Transcribe the records below word for word, leaving every picture out.

------------------------------

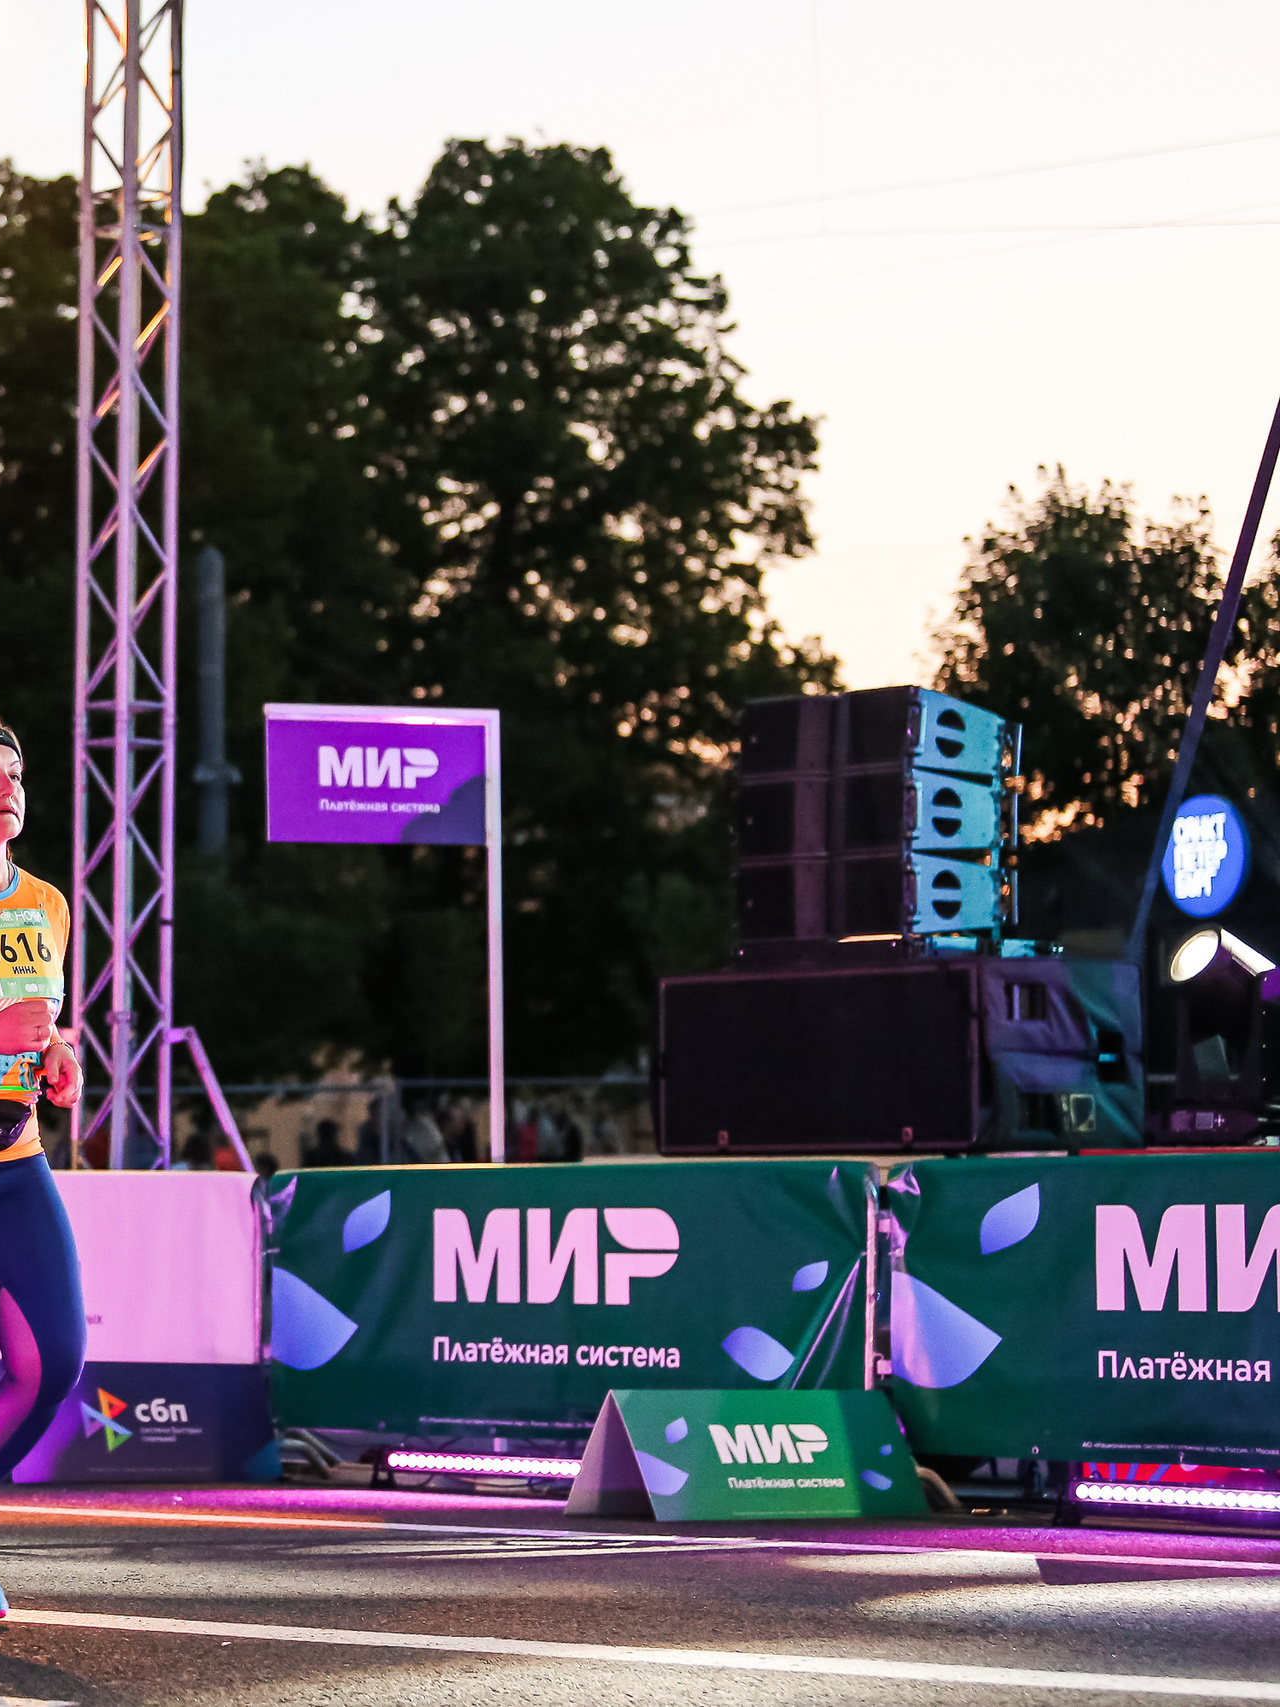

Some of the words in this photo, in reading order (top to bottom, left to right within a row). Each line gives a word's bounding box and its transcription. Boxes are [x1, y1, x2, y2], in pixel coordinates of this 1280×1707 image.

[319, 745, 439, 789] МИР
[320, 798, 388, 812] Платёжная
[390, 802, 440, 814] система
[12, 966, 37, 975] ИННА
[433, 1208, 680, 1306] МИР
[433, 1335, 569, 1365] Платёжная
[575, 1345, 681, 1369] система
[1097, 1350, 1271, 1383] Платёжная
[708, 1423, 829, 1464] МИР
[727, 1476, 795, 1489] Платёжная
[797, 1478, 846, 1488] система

------------------------------

** TASK RESPONSE **
Some of the words in this photo, in reading order (top to bottom, left to right within a row). Each line gives a word's bounding box and its transcription. Boxes are [x1, y1, x2, y2], in pixel coordinates of this 1280×1707 image.

[319, 745, 439, 789] МИР
[320, 798, 388, 812] Платёжная
[390, 802, 440, 814] система
[12, 966, 37, 975] ИННА
[433, 1208, 680, 1306] МИР
[433, 1335, 569, 1365] Платёжная
[575, 1345, 681, 1369] система
[1097, 1350, 1271, 1383] Платёжная
[708, 1423, 829, 1464] МИР
[727, 1476, 795, 1489] Платёжная
[797, 1478, 846, 1488] система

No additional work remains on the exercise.